We addressed the challenge of using an imbalanced dataset for ERM detection. Compared with conventional linear transformation augmentation (classic augmentation), GAN-based augmentation showed improved performance in the detection of ERM. In particular, the StyleGAN2 model generated relatively high-quality and realistic CFP images. This model performed better than the CNN models using DDPM-based or CutMix augmentation methods. ViT, which recently exhibited a higher performance than CNN architectures, failed to show a better performance than the proposed CNN model with StyleGAN2 augmentation. A previous study demonstrated that StyleGAN2 can synthesize mixed-style medical images by combining the features of the training sets [17]. To learn various samples and improve the generalization of deep learning models, StyleGAN2 could be adopted for out-of-distribution sample detection of computed tomography images [40]. Our study also confirms that StyleGAN2 is a promising generative AI technique for improving medical image synthesis and prediction performance. Generative AI continues to develop by adopting and expanding various numerical and probabilistic algorithms [14]. Recent advances in diffusion methods predict the future generation of higher-quality images [36]. A recent study showed that the diffusion model outperformed GAN techniques in the CFP, chest X-ray, and histopathology imaging domains [26]. There was an attempt to improve diagnostic performance in CFP by combining GAN and Transformer structures [41], and performance improvement is expected if applied to ERM in the future.

This study has several limitations.

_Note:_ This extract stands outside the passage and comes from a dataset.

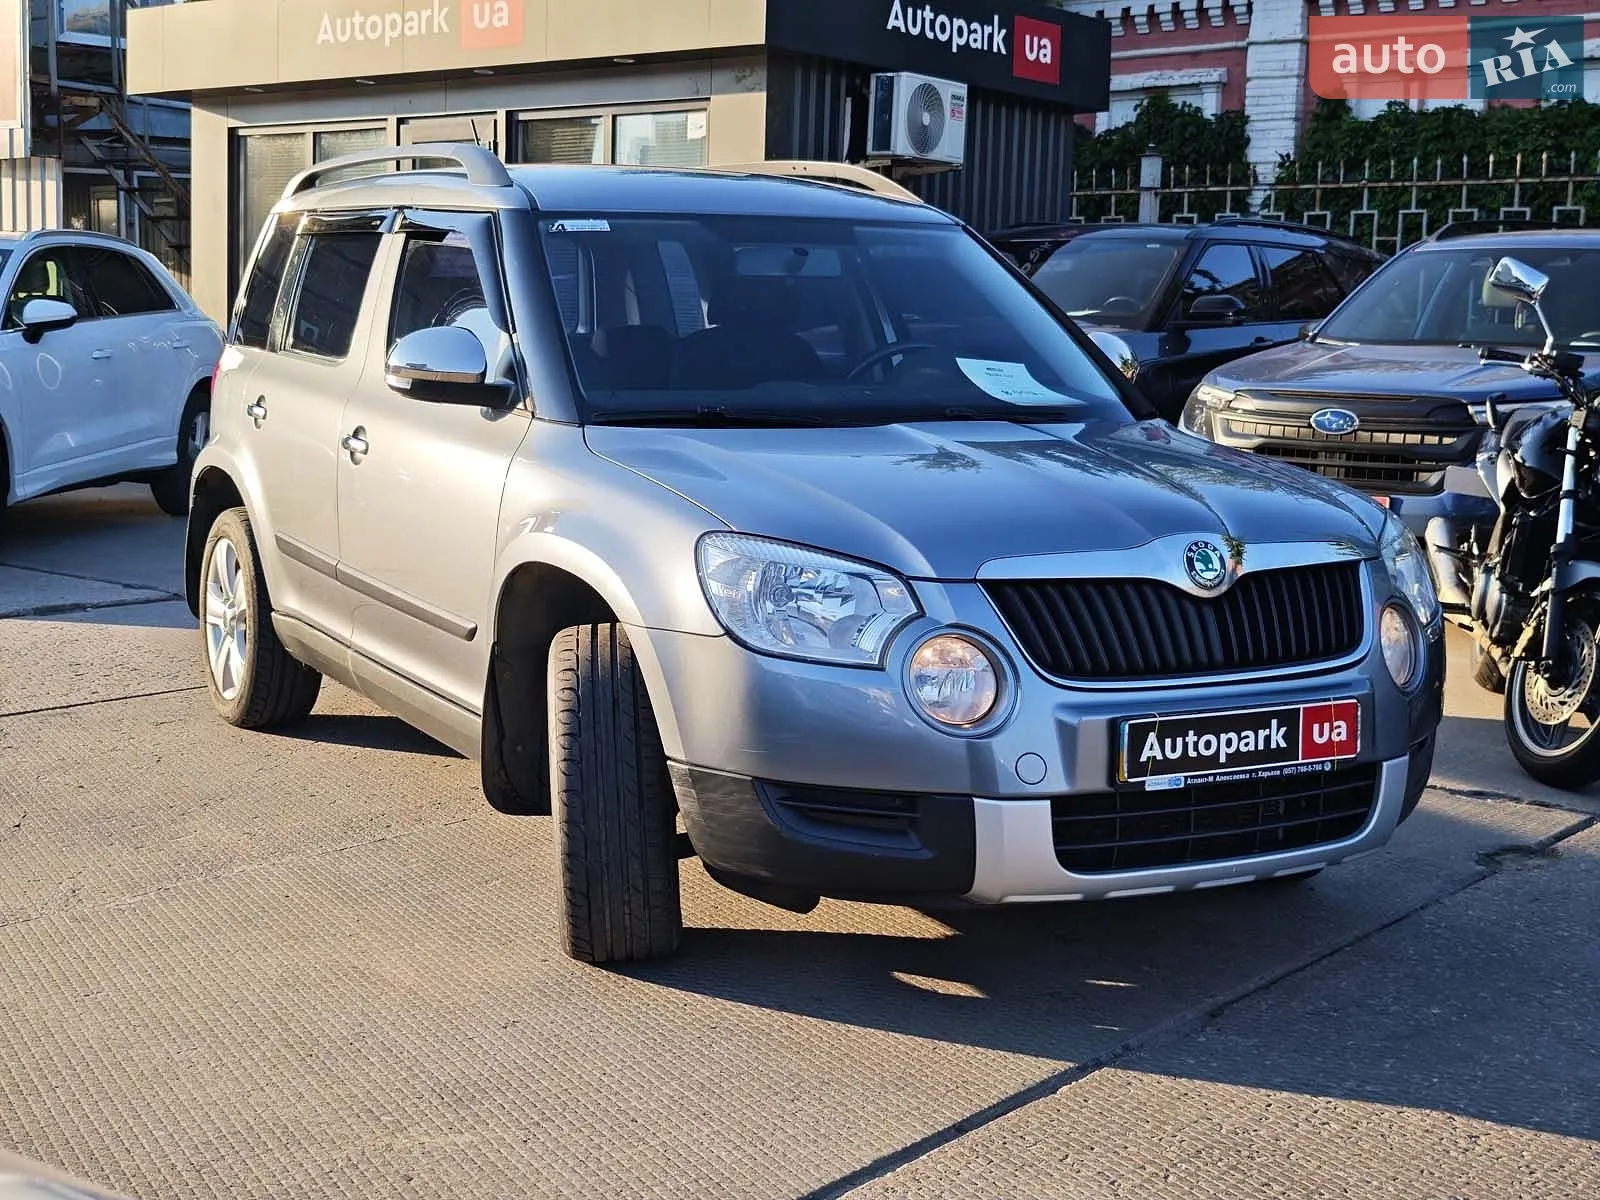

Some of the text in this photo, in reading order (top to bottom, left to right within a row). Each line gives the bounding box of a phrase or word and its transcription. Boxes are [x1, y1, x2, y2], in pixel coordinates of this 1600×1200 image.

Firstly, we generated CFP images with relatively low resolution in the GAN models, which had a resolution of 256 × 256 pixels. For the early diagnosis of ERM, it is necessary to analyze images with greater resolution. Secondly, the dataset included an East Asian population from a single healthcare center. Although the proposed model performed well on limited external validation datasets, models trained with data from a single institution are expected to degrade in performance in other clinical settings. Thirdly, the training and validation datasets included only a limited number of CFP images. Although GAN have been used to overcome the data shortage of ERM, additional data collection is essential to achieve a higher performance.

Conclusion

We propose an improved deep learning model by synthesizing realistic CFP images with the pathological features of ERM through generative AI. We leveraged a deep learning classification model with additional StyleGAN2 training to address limited data availability. The final model outperformed the typical augmentation and other GAN-based learning methods for detecting ERM using the CFP. We believe that our deep learning framework will help achieve a more accurate detection of ERM in a limited data setting.